## Exercise directions
Repeat every record exactly, omitting the pictures.

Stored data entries
::::
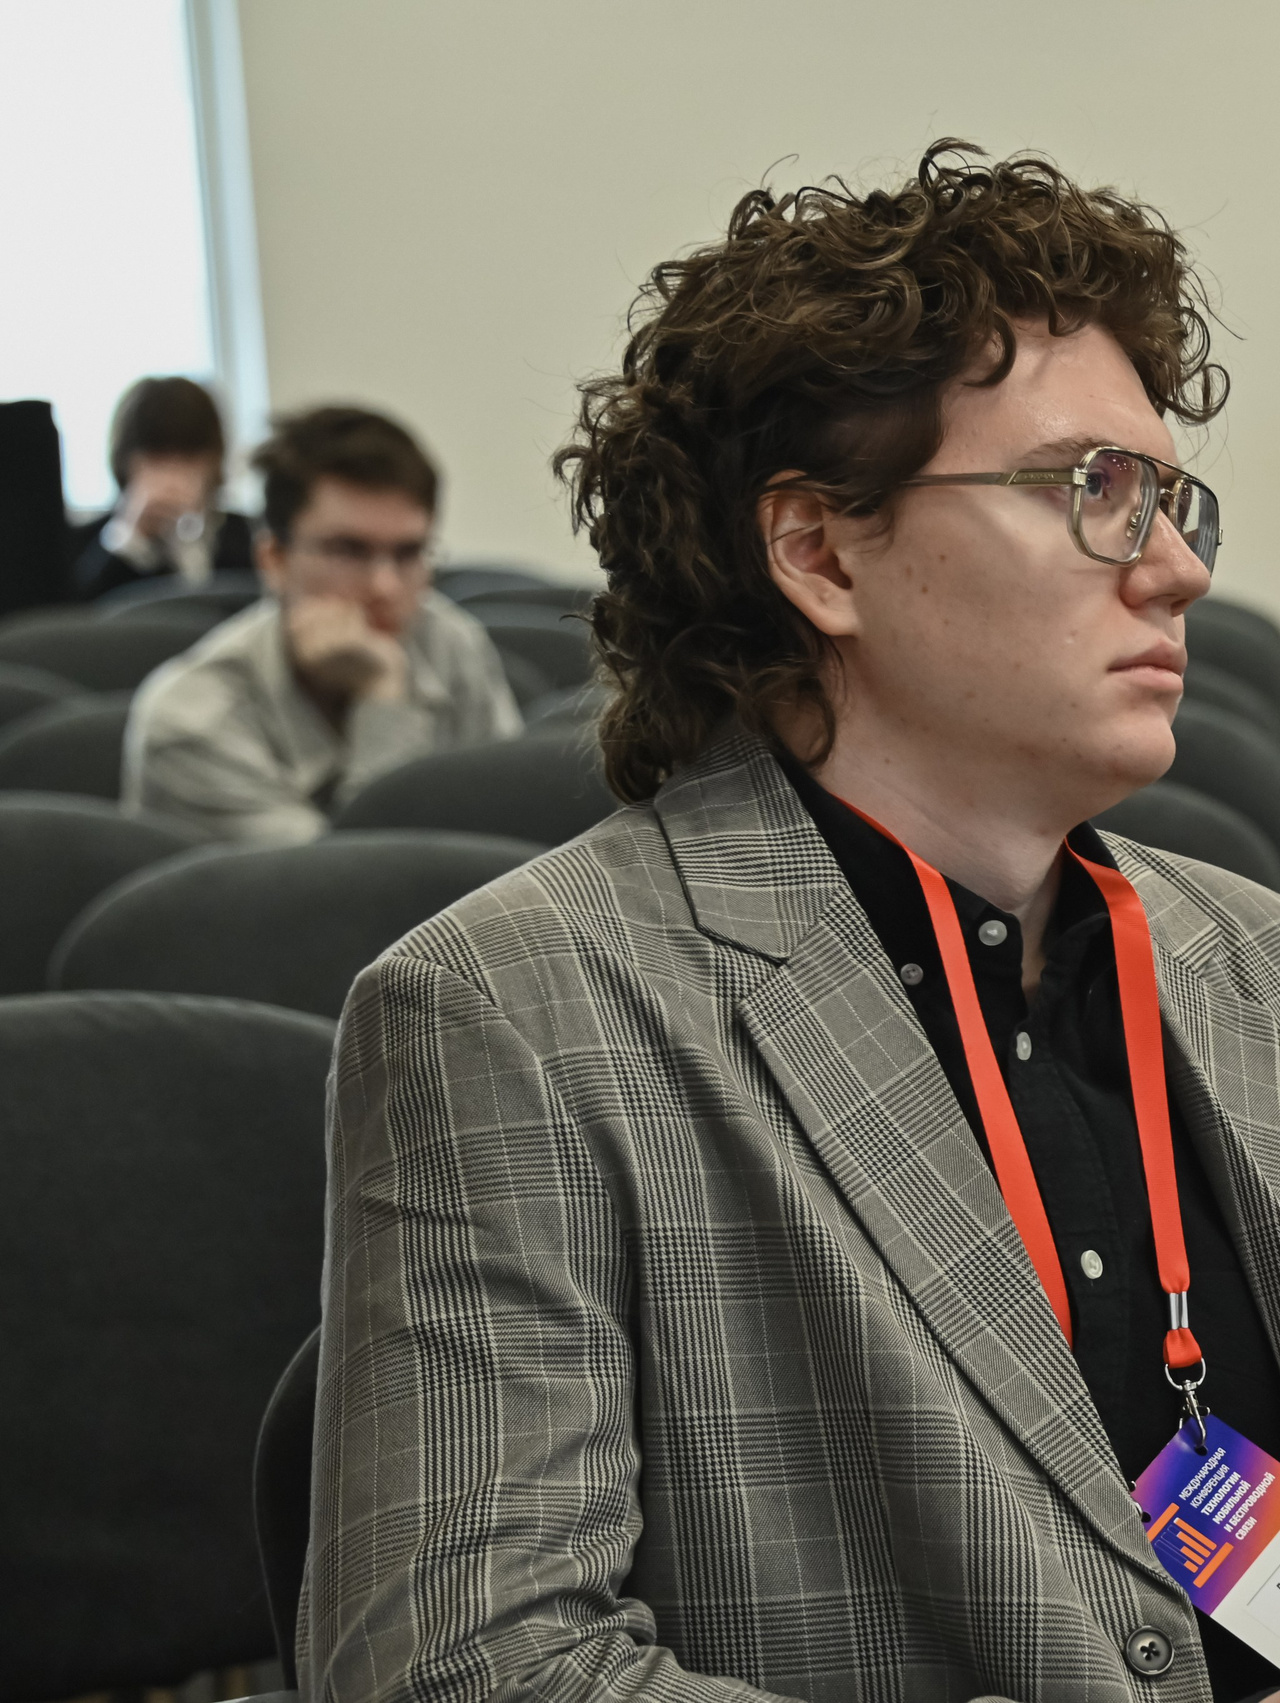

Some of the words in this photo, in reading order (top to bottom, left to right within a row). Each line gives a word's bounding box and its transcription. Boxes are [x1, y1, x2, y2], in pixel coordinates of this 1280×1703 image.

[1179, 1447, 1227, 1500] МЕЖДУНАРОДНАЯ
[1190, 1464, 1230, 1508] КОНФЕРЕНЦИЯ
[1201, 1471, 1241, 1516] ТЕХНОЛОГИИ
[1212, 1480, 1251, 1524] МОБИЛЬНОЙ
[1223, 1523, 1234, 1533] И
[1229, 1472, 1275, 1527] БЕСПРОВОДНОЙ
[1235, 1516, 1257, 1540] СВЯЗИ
::::
## Answer section
Some of the words in this photo, in reading order (top to bottom, left to right within a row). Each line gives a word's bounding box and its transcription. Boxes are [x1, y1, x2, y2], in pixel coordinates of this 1280×1703 image.

[1179, 1447, 1227, 1500] МЕЖДУНАРОДНАЯ
[1190, 1464, 1230, 1508] КОНФЕРЕНЦИЯ
[1201, 1471, 1241, 1516] ТЕХНОЛОГИИ
[1212, 1480, 1251, 1524] МОБИЛЬНОЙ
[1223, 1523, 1234, 1533] И
[1229, 1472, 1275, 1527] БЕСПРОВОДНОЙ
[1235, 1516, 1257, 1540] СВЯЗИ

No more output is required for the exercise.